Being a Cubs fan is a risk. You risk heartache and depression every time you think your team has a chance at being the best, like the Bulls were. Theoretically they're supposed to be bad every year, and on the off-chance that they have a good season, something terrible has to go wrong. And quite frankly, that assessment isn't technically wrong: I can rattle off all the years since 1945 that have Cub fans running to their beer: 1969, 1984, 1989, 2003, 2008 (there are a couple others in there, but quite honestly those teams didn't have a shot at winning the whole thing anyway). But, for all the times I hear in September or October of those fans swearing off the team ("this year took the cake! I am NEVER rooting for them again!") they're all crawling back in January, just in time for the annual convention. By March, they're already thinking "this is the year!" Why? Because of hope. That's why being a Cubs fan is a risk; every year fans hope that this is the year, in spite of the demons of fear that lurk underneath that layer of hope.
A couple years ago, upon the centennial of their last World Series title, I was extremely depressed at how their season ended (not unlike most people who root(ed) for this team). In this process I'd started thinking about why people voluntarily go through sport-related heartbreak. After all, if we were able to realize this, we could choose to root for another team and be free from it. But no, we come back like lemmings every new year, only to be cast off the cliff again. I came to the conclusion that being a Cubs fan kept me humble. After all, when I follow the Cubs, I really follow them. When I care about them, I really care about them. There's no half-assed middle ground. As a result, I give myself to the hype of the team, something that can prove to be quite dangerous.
[Normally I'd lapse into some faith/religious/spiritual tangent here to further prove my point, but this isn't the space for that, at least not right now.]
I realized that being a Cubs fan made me humble because each eventual end-of-season failure reminded me that being a sports fan is an emotionally dangerous thing. And following this particular team, as opposed to the Bulls, St. Louis Cardinals, Detroit Red Wings, Minnesota Twins, or almost any other team, offers the best reminder of that. To be sane, one must hold said team of rooting interest at arm's length. Unless I want to make baseball my career and work for the Cubs, it's better to look at this as a form of entertainment, amusement, excitement.

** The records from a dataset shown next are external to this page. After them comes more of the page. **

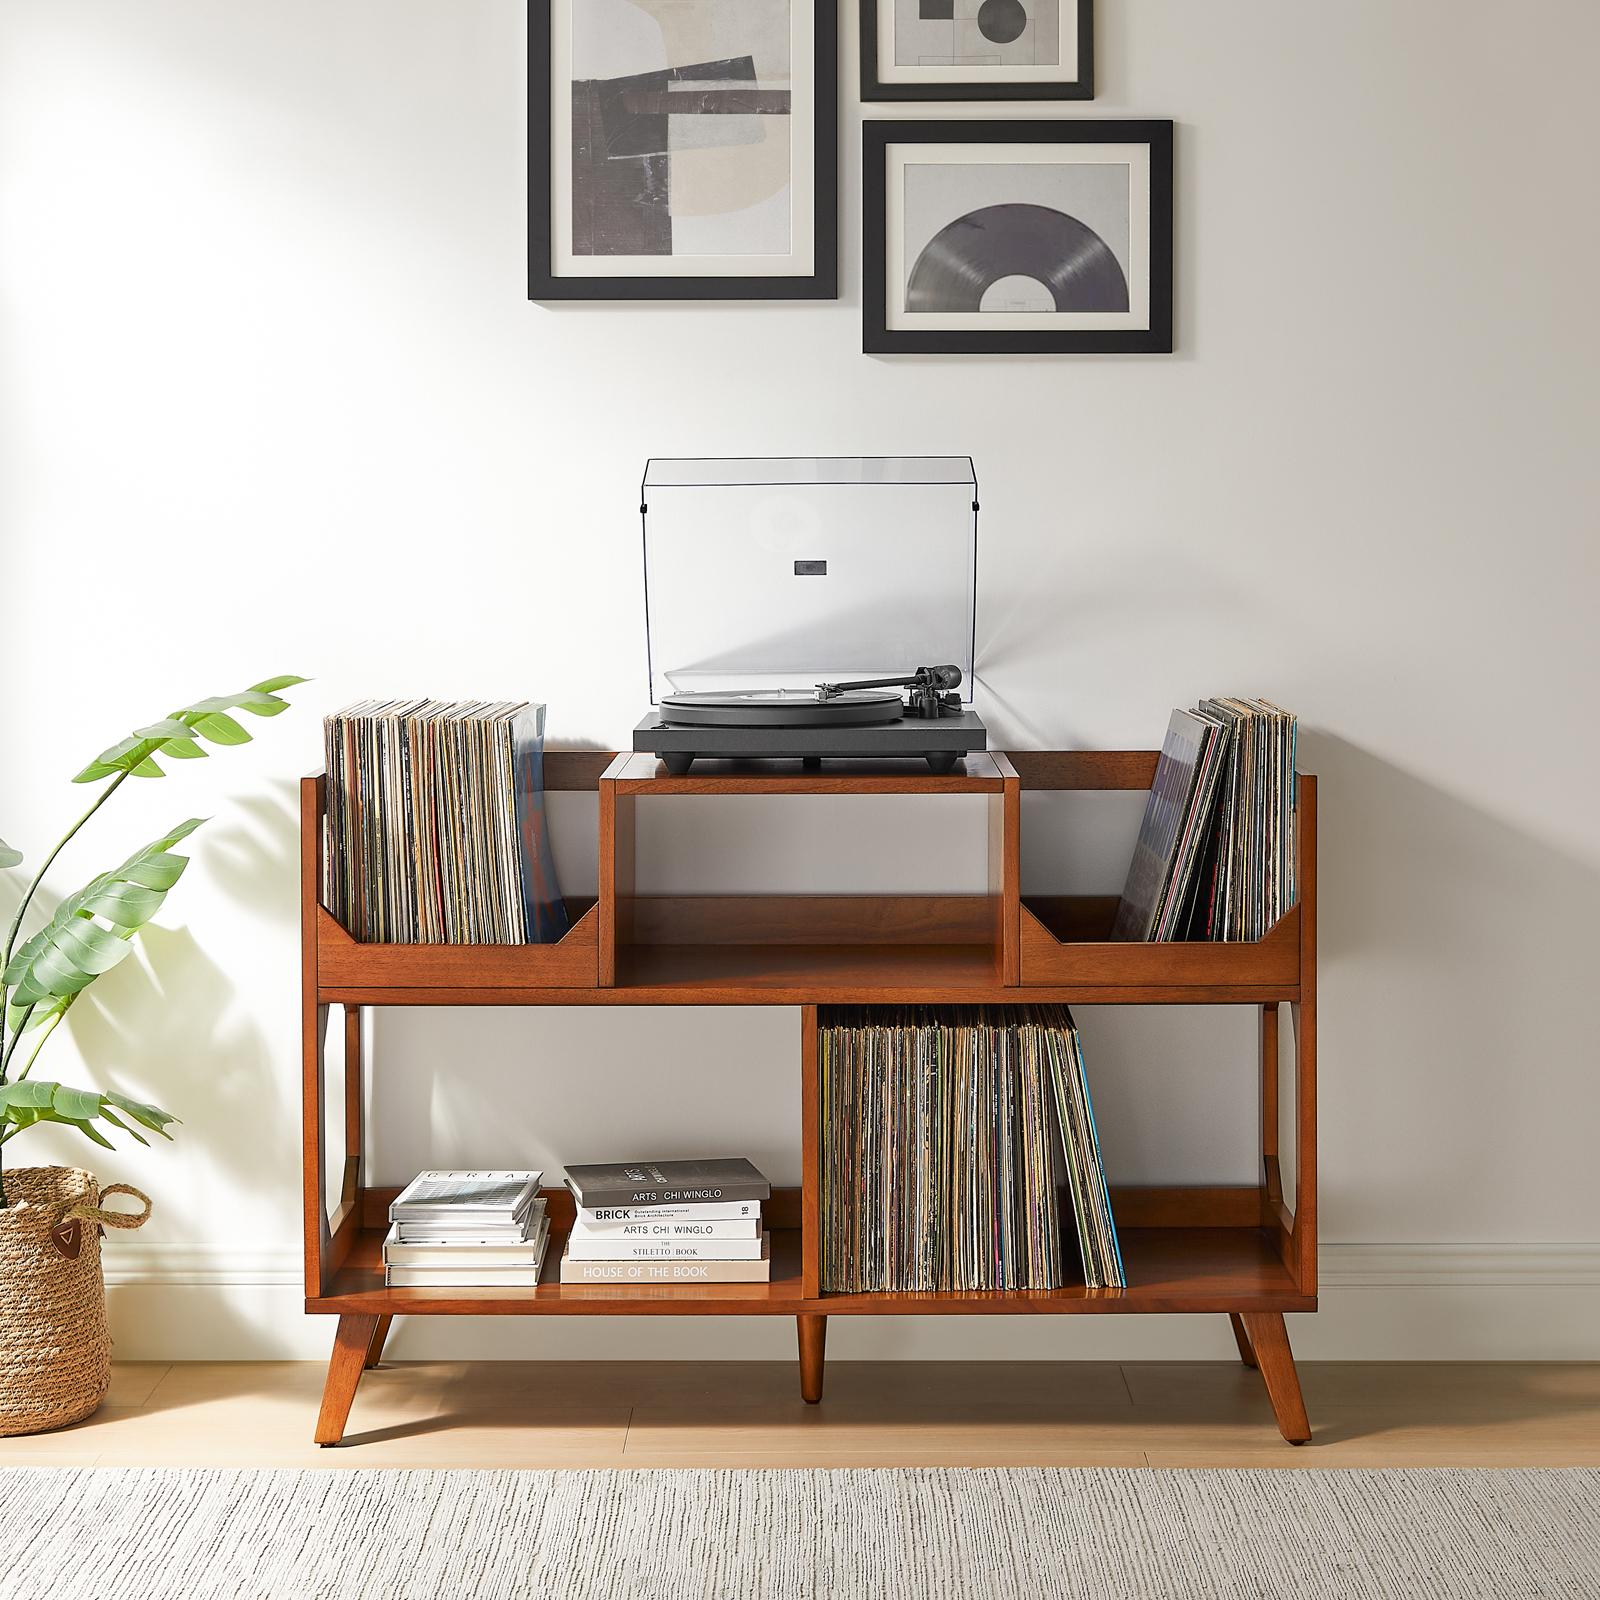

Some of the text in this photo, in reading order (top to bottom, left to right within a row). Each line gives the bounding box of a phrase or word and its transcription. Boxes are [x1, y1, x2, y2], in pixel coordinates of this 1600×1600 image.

[632, 1189, 722, 1201] ARTS CHI WINGLO
[595, 1209, 631, 1220] BRICK
[623, 1225, 714, 1234] ARTS CHI WINGLO
[632, 1248, 698, 1256] STILETTO BOOK
[583, 1266, 708, 1278] HOUSE OF THE BOOK
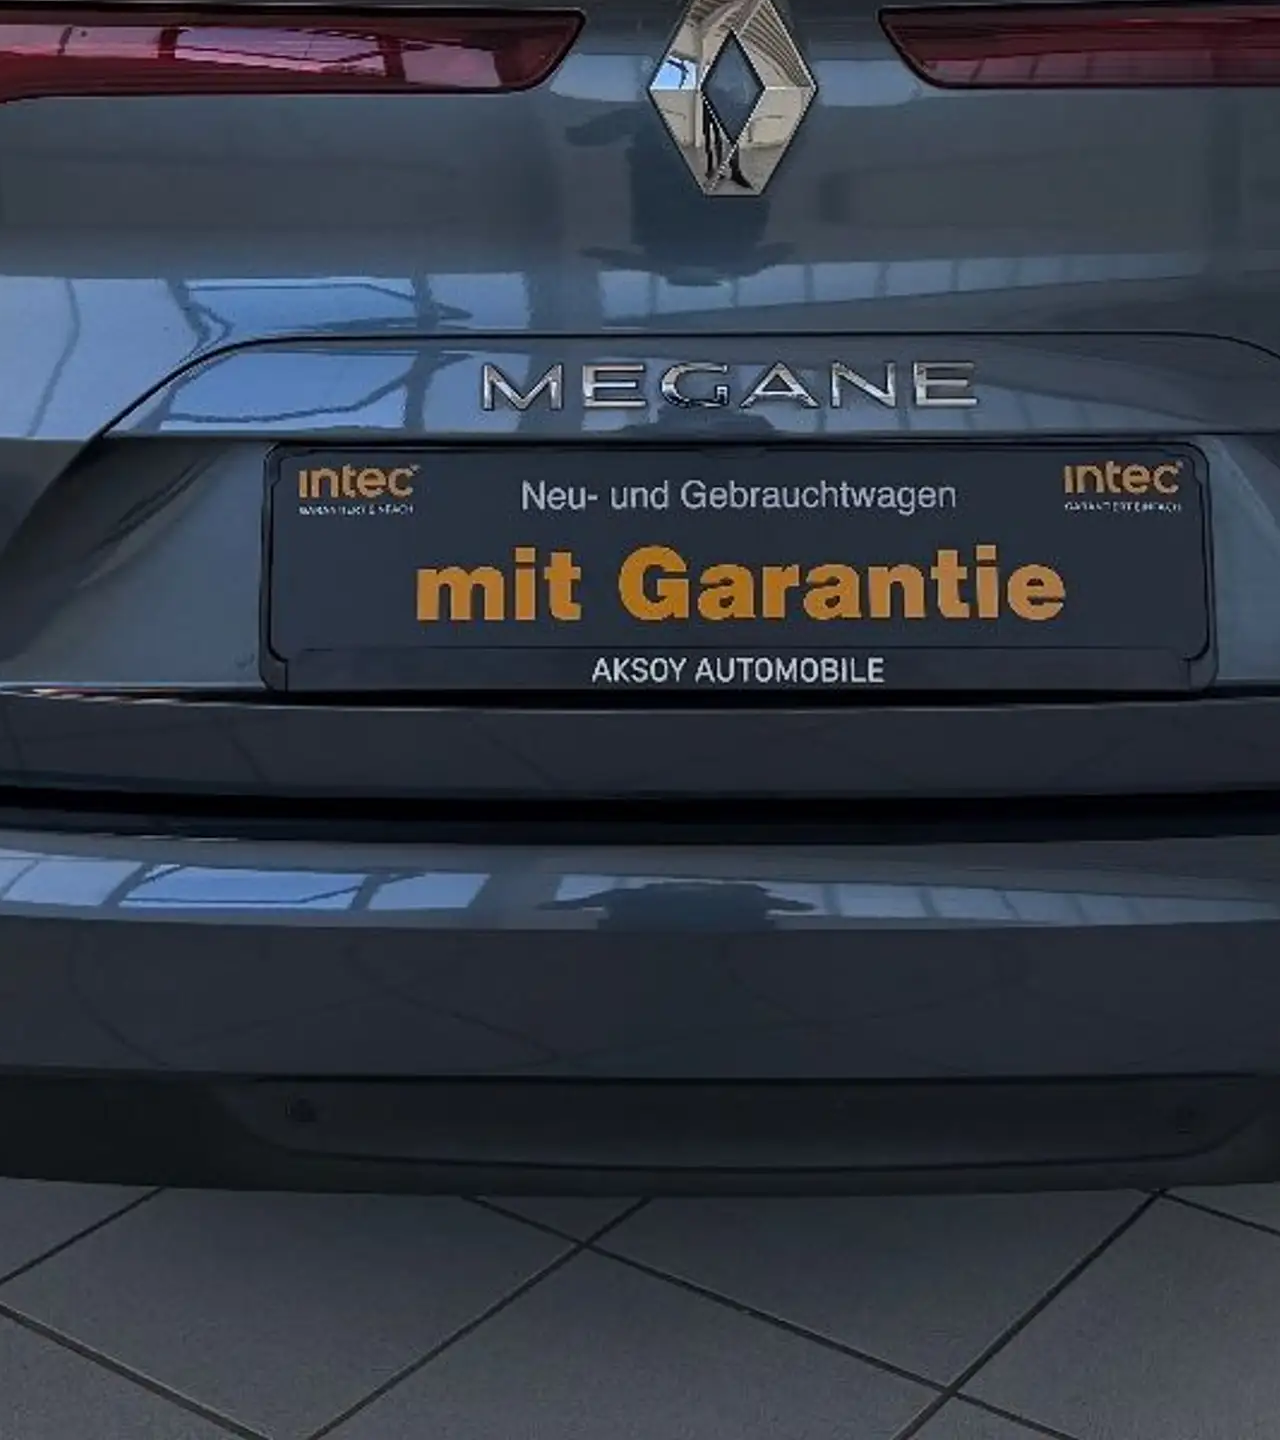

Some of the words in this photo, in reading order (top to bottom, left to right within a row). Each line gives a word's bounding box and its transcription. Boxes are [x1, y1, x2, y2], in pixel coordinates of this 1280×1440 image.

I'm willing to be a bit more patient with them for now. For one, they have new owners, and specifically, owners who are committed to changing the culture of the franchise as opposed to merely making money. They're in it for the long haul, and not to put all their chips in for 2010. A second reason is that the team already passed the centennial for their championship drought. A lot of the angst for winning last decade was to accomplish said goal before hitting 100 years. That ended up not happening. At this point, what's the rush? Focus on growing the team as best as one can, and then try to win with that. It's how the champions do it, anyway. Thanks to the Ricketts family, perhaps the Cubs can try common sense for once. They haven't had it for, oh, about 65 years now.